Zusätzlich will man einem „Abmahnmissbrauch dadurch begegnen, dass bloße Verstöße gegen datenschutzrechtliche Unterrichtungs- und Mitteilungspflichten keine zivilrechtlichen Drittansprüche nach dem UKlaG begründen können.“ Eine komplette Sicherheit kann jedoch nicht gegeben werden. Sollte nämlich ein Verbandsklagerecht zustanden kommen, würden sich unter diesen Verbänden Rechtspraktiken herausbilden, wie es in der Dieselaffäre auch schon Programm ist.
Natürlich ist die Antragstellung aus Bayern durch Ministerpräsident Markus Söder nicht dem Zufall geschuldet. Am 14. Oktober ist die Landtagswahl im Freistaat Bayern und der gemeine Wähler muss zufrieden gestellt werden. Vor allem wenn aktuell in Bayern eine Kanzlei aus Augsburg im Auftrag eines Beauty-Salons andere Friseure abmahnt. Hier werden 729,23 verordnet und gefordert. Die Kanzlei argumentiert, dass die Websites der Friseure nicht DS-GVO konform sind und die Anforderungen, die seit dem 25.05 gelten, nicht erfüllt werden. Hier wird ein Verstoß gegen das UWG vorangestellt. Natürlich sind auch bayerische Friseure davon betroffen.

BARLEY UND BUNDES-SPD ALS MÖGLICHER SPIELVERDERBER

Allerdings ist noch offen, ob Söders DSGVO-Abmahnbremse im Bundesrat eine Mehrheit findet.

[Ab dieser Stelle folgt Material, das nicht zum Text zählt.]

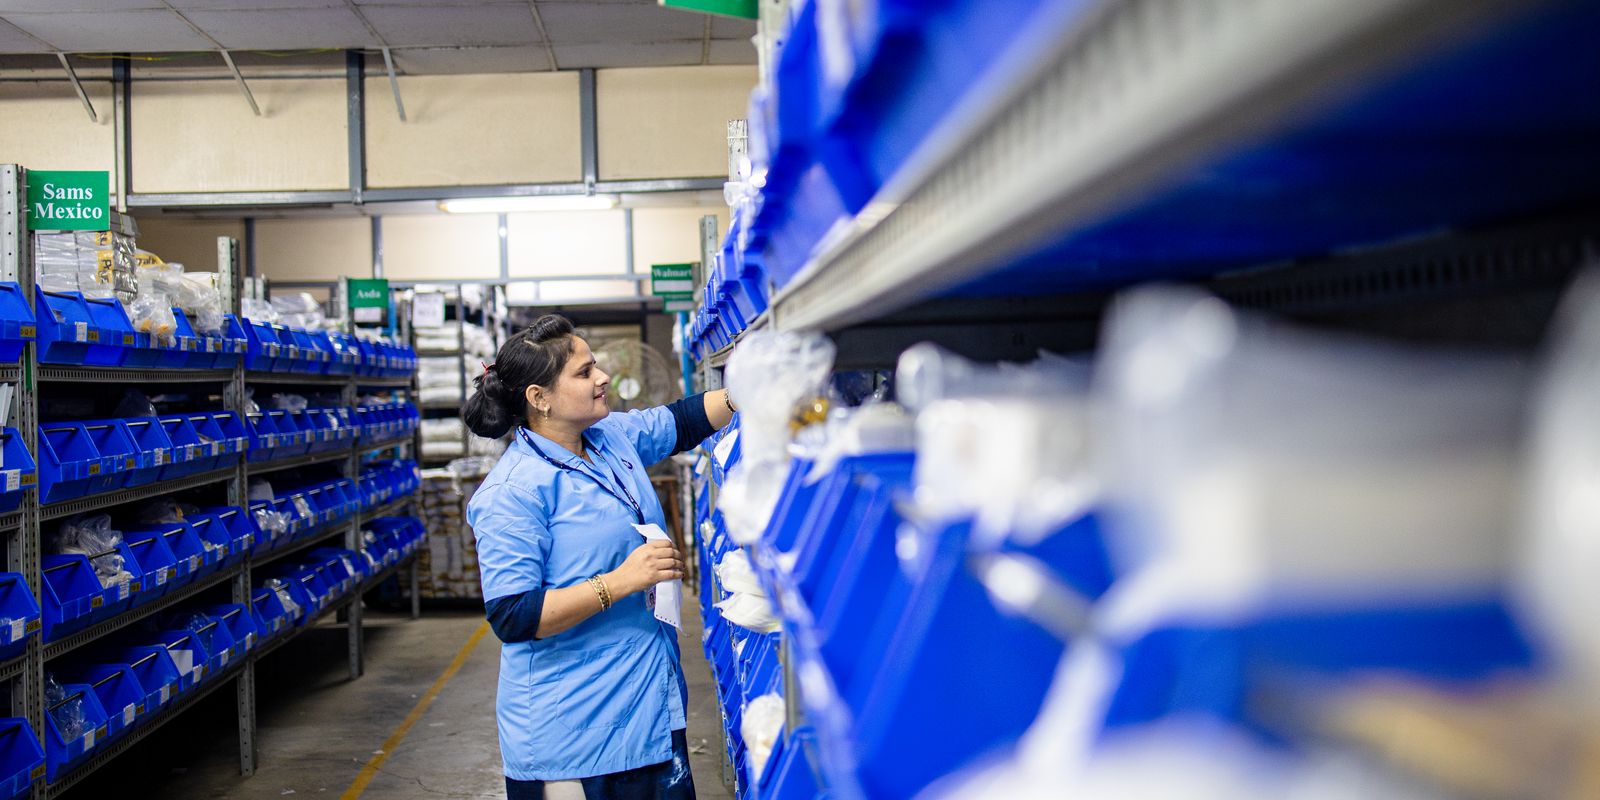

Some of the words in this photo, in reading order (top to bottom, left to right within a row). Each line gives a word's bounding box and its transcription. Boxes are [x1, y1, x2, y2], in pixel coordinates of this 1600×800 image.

[43, 182, 93, 200] Sams
[34, 202, 103, 219] Mexico
[654, 268, 692, 278] Walmart
[356, 289, 382, 299] Asda

Ein erster Vorstoß, den die inzwischen reuig gewordene Union auf Druck ihrer Basis unternahm, scheiterte in der Bundesregierung nämlich an Justizministerin Katharina Barley und ihrer SPD (vgl. DSGVO: Kein schneller Schutz vor Abmahnungen)
Hinzu kommt, dass im Bundesrat über die neun Länder Baden-Württemberg, Berlin, Bremen, Hamburg, Hessen, Rheinland-Pfalz, Sachsen-Anhalt, Schleswig-Holstein und Thüringen die Grünen mitregieren, deren Europaabgeordneter und designierter schleswig-holsteinischer Umweltminister Jan Philip Albrecht immer noch offen stolz darauf ist, einer der maßgeblichen Väter der DSGVO zu sein, die er bei jeder Gelegenheit ausgiebig lobt. Ihn und seine Parteifreunde versucht der Antrag anscheinend mit der Darstellung zu ködern, man würde damit ja in erster Linie nationales Recht an Europarecht anpassen, „um den Vorgaben der DSGVO Rechnung zu tragen“
Jedoch kann die Abmahnbremse an die Bundesratsausschüsse überwiesen werden, damit diese dann darüber beraten können. Danach wird dann nochmals im Plenum entschieden. Wird hier dann noch einmal zugestimmt, tritt Artikel 76 Absatz 1 des Grundgesetzes in Kraft und der Entwurf geht an den Bundestag, wo Barley mit dem Justizministerium wieder blockieren kann.